Mi piace mischiare assieme il rosa e il rosso per creare un blush molto carino e naturale, non amo i blush alla “heidi” per intenderci quindi con ci calco mai più di tanto con i blush.
Ero curiosa di provare questi illuminanti a cuore che si vedono ovunque e sono piuttosto soddisfatta del lavoro che svolgono, è un’ottima palettina, anche i toni più illuminanti sono carichi e intesi, ottimi.
App del Mese

Questo mese le app sono due, ebbene sì.

La prima a sinistra è Dancing Line, che esiste in moltissime varianti, è il giochino per cellulare del momento diciamo ed è molto simpatico, dovete muovere a ritmo della canzone la vostra linea per seguire la giusta traiettoria.

E’ tutto intrattenimento ovviamente, ma è un passatempo caruccio se avete minuti vuoti e non avete altro da fare, magari vi siete dimenticati il libro che state leggendo a casa e non vi va di socializzare, vi capisco comunque.

La seconda a destra invece è più utile, è Eraser, sono convinta del fatto che per molti quest’app non sia una scoperta ma per me lo è stata.
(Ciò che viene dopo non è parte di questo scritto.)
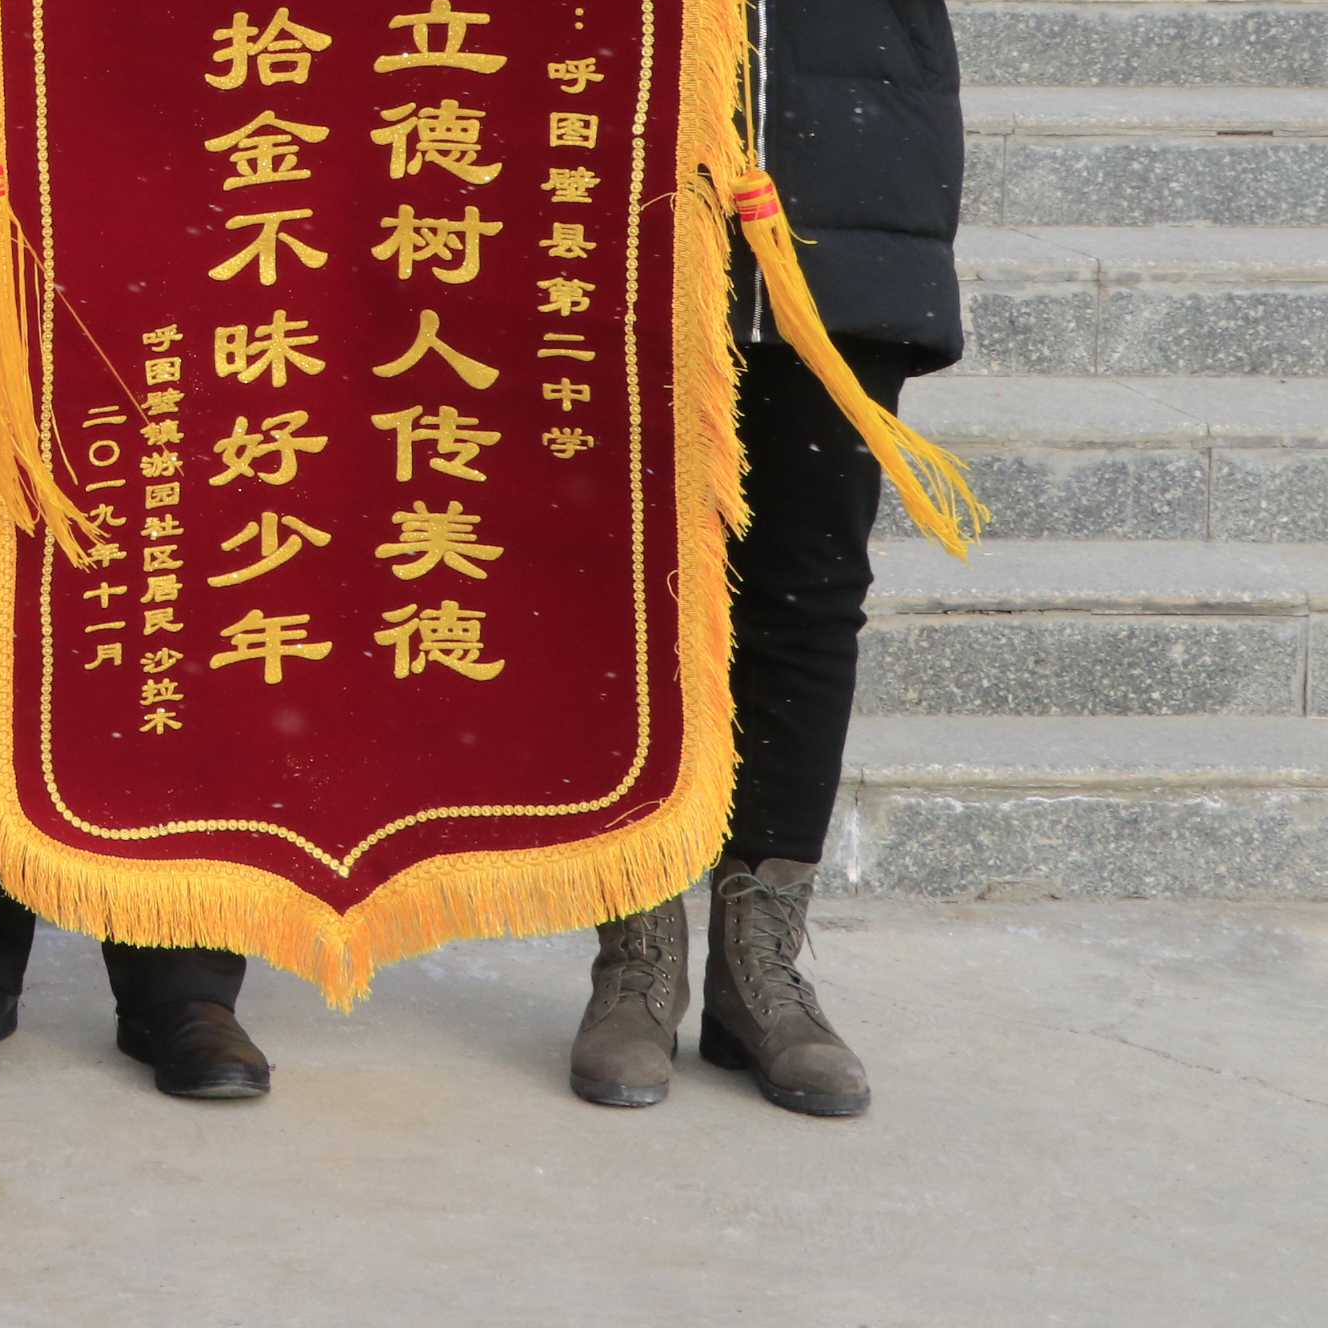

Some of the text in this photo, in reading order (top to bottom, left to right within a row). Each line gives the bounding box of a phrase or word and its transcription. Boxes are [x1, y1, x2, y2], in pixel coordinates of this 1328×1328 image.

[205, 8, 332, 684] 拾金不昧好少年
[140, 648, 184, 734] 沙拉木
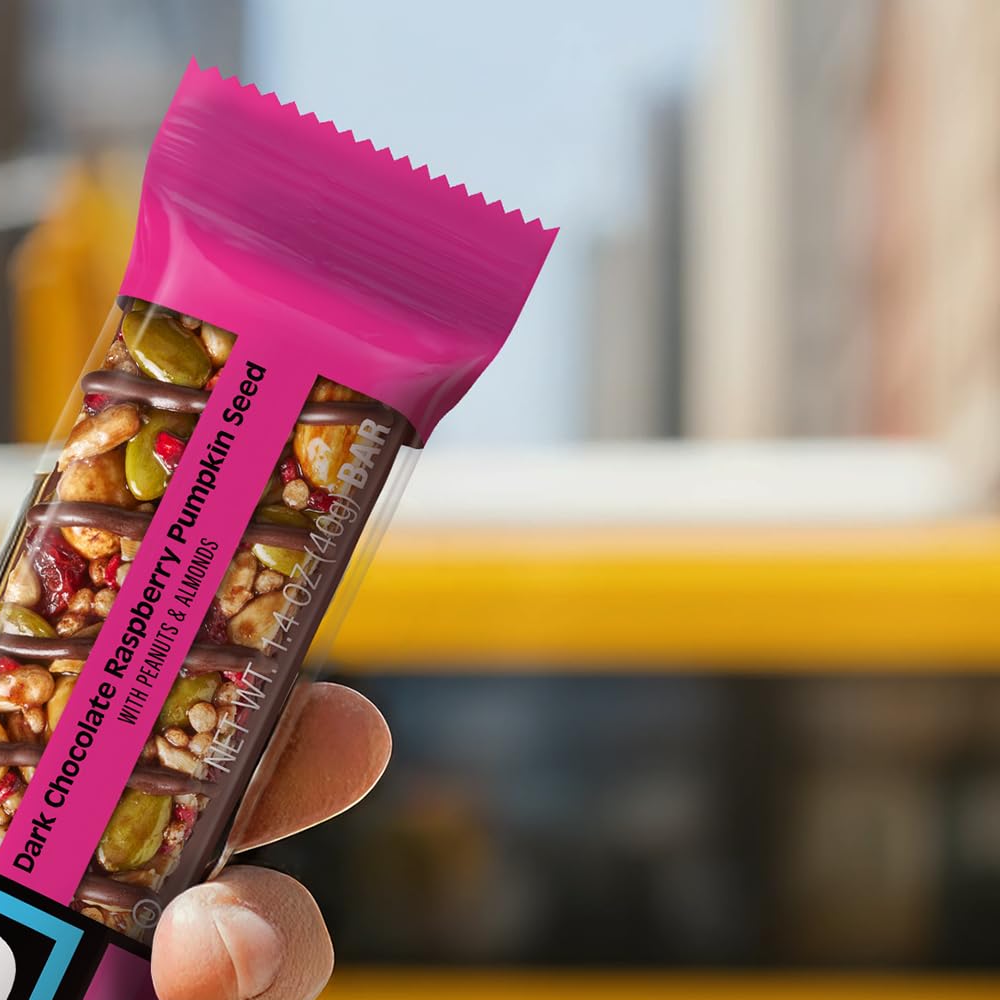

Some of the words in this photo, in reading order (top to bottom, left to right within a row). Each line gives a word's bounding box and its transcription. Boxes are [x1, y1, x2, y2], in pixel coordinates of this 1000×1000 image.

[174, 537, 219, 607] ALMONDS
[204, 712, 249, 773] NET
[261, 611, 300, 652] 1.4
[283, 562, 322, 607] OZ
[304, 493, 361, 564] (40g)
[337, 418, 391, 490] BAR
[13, 812, 57, 874] Dark
[44, 682, 117, 808] Chocolate
[104, 546, 182, 679] Raspberry
[167, 430, 235, 545] Pumpkin
[223, 361, 267, 426] Seed
[167, 608, 187, 622] &
[135, 622, 179, 687] PEANUTS
[117, 688, 149, 726] WITH
Non fa altro che ritagliare un’immagine come Photoshop per esempio facendola diventare png quindi potete utilizzare per altre immagini ecc.

Non sono un genio in queste cose, ci ho messo anni per imparare la differenza tra png, jpeg, pdf, l’unica cosa che capivo era che alcune erano più comode per fare cose e altre per altre cose.
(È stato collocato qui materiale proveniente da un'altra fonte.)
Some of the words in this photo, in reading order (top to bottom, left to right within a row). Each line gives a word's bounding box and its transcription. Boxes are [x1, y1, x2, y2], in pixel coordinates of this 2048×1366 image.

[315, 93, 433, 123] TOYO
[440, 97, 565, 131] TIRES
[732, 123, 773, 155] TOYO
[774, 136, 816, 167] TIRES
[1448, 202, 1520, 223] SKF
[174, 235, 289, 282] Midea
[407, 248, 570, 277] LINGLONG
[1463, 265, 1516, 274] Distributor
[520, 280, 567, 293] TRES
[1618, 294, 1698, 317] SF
Quest’app è utilissima se dovete cancellare lo sfondo di un immagine, fare esperimenti e aggiungere cose che prima non c’erano in altre immagini, buon divertimento!

Scoperta del Mese

Nei mesi scorsi questa sezione era dedicata ai videogiochi, a marzo è uscito un videogioco che aspettavo da anni ovvero Far Cry 5, lo so vi ho tartassato con questo gioco ma non ne parleremo oggi perchè salta al prossimo mese con le cose del mese di aprile, vi basti sapere che ovviamente l’ho già comprato, ci sto giocando ora per bene per la seconda volta perché la prima per la curiosità sono saltata subito alle missioni principali e ho ignorato mezzo gioco.
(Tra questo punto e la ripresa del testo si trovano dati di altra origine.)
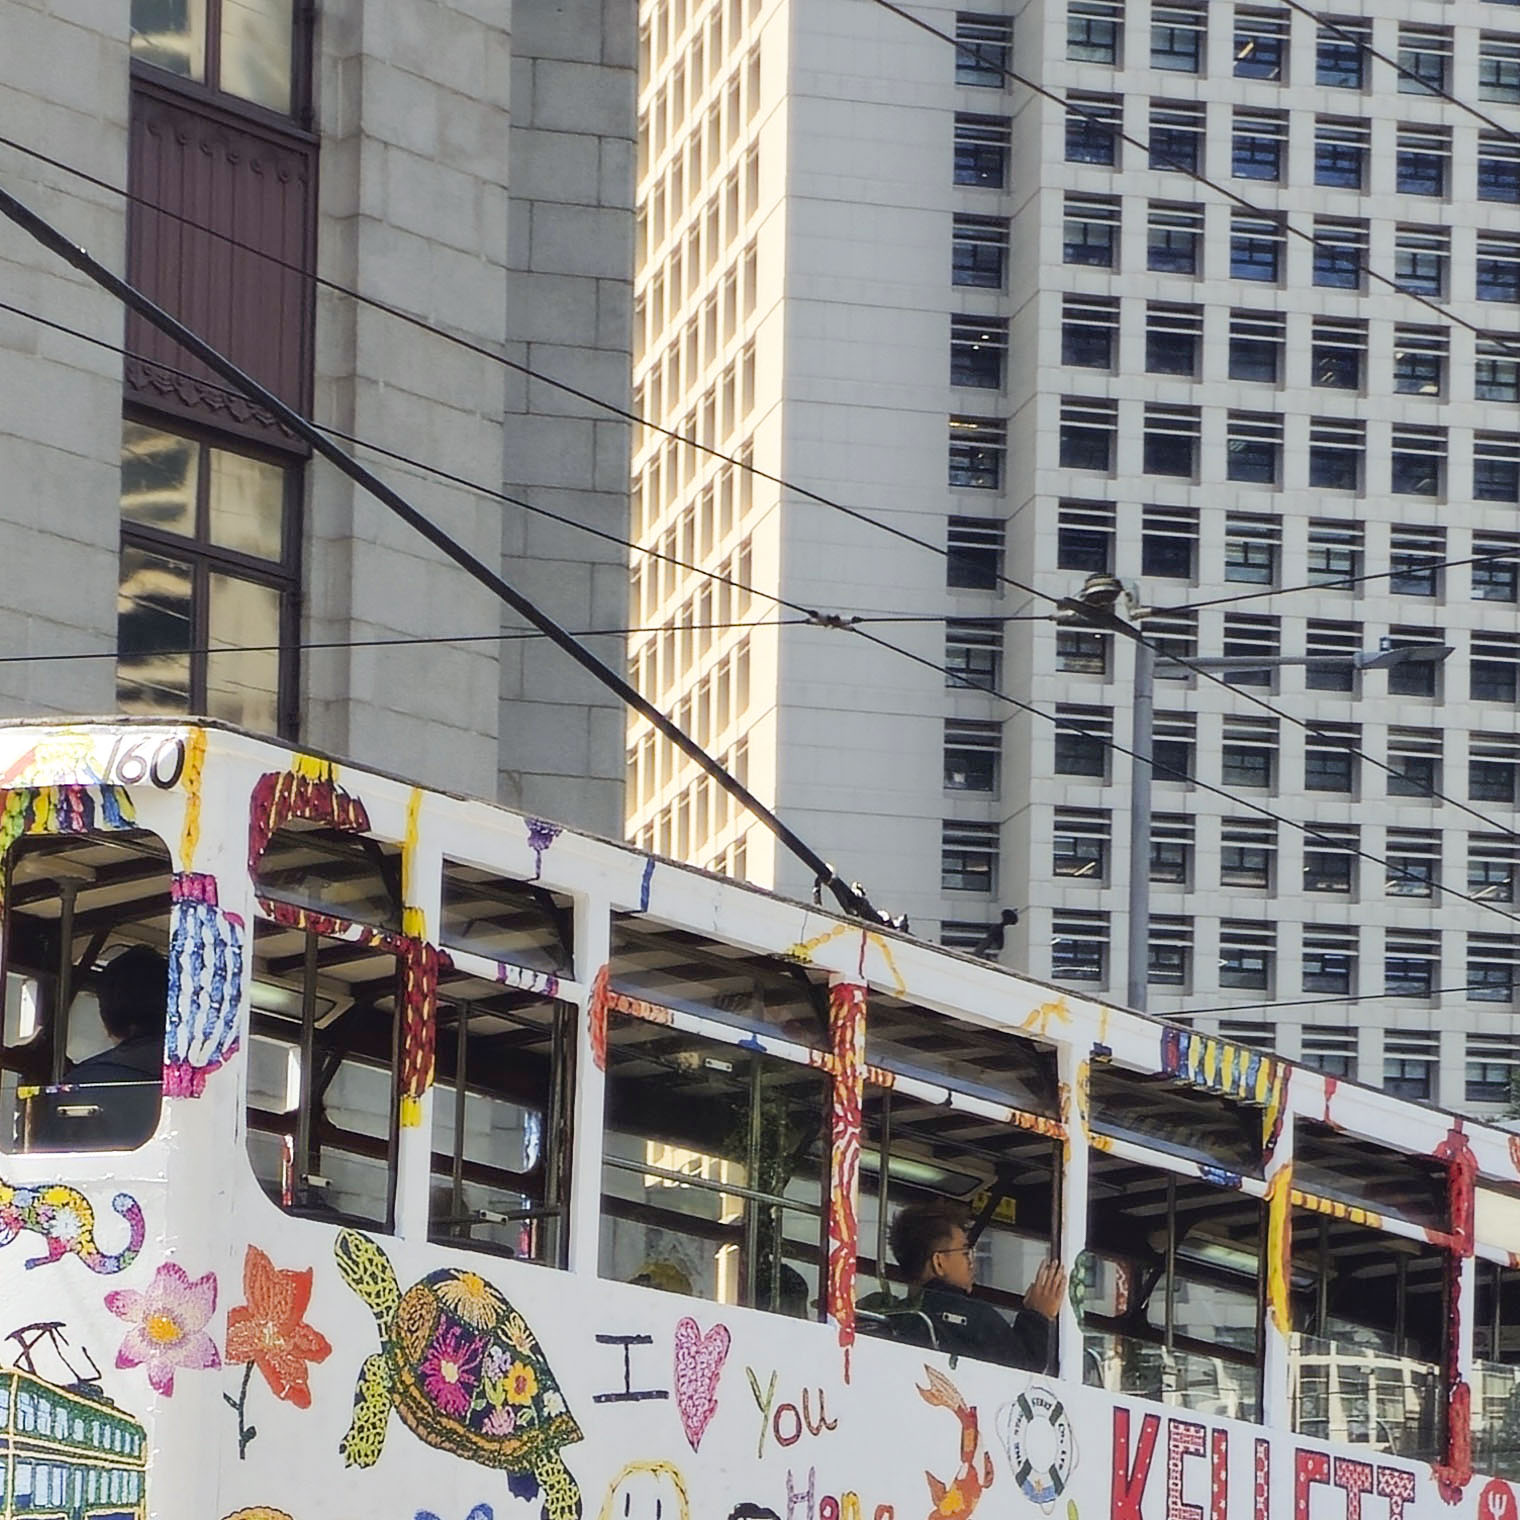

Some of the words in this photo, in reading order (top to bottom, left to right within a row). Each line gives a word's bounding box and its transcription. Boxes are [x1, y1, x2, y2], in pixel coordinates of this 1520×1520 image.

[103, 735, 185, 790] 160
[593, 1334, 669, 1403] I
[746, 1366, 838, 1459] You
Ne parleremo, ne parleremo.

Un’altra scoperta, che è una scoperta solo per me probabilmente è la lampada di sale, sapete quelle che illuminano la stanza con una specie di luce arancione, quelle realizzate con sale dell’Himalaya? Esatto quelle, ne ho comprata una e dato che ho sempre problemi per la luce notturna o da lettura sono felice di averlo fatto, la sua luce non è fortissima ma dato che l’ho sistemata sul comodino vicino al letto vedo bene quando devo leggere, forse ho risolto un problema mai risolto prima.

Comunque i benefici di questa lampada sono altri, dovrebbe purificare l’aria una volta riscaldata, togliere l’umidità, eliminare le radiazioni date dai cellulari e i televisori, insomma un bel colpaccio.

Citazione del Mese

La cattiveria è degli sciocchi, di quelli che non hanno ancora capito che non vivremo in eterno.

– Alda Merini

Cosa Negativa/Positiva del Mese

Come scritto prima marzo è stato un mese davvero deludente dal punto di vista dei piani e di varie vicende personali.

Sono felice che sia terminato, mi è sembrato di essere incastrata a marzo all’infinito, ma forza e coraggio che dopo marzo, ah no era un altro.

A marzo non sono stata brava quanto a febbraio nell’acquisto di libri, qualcuno mi è scappato diciamo ma pazienza, vorrei dire che qui ad aprile mi sono contenuta ma non è vero perchè ho già comprato tre libri quindi nulla.

Ah, una cosa positiva, sono riuscita a terminare la storia che stavo scrivendo per un concorso, il che lo ritengo un successo.

Obbiettivi per questo Mese

Essere decisamente più presente qui, sui social, sul gruppo, ma prima devo mettere a posto quello che marzo ha rovinato.

Sto già preparando qualche articolo da pubblicare nei prossimi giorni quindi le cose piano, piano si stanno sistemando, il che è un bene.

Vorrei leggere di più perché a marzo ho rallentato parecchio, tra l’altro dovrebbe arrivare una recensione prossimamente, tenetevi pronti/e!

Bene ragazzi!

E voi? Come è stato il vostro marzo? Tutto bene? Fatemi sapere!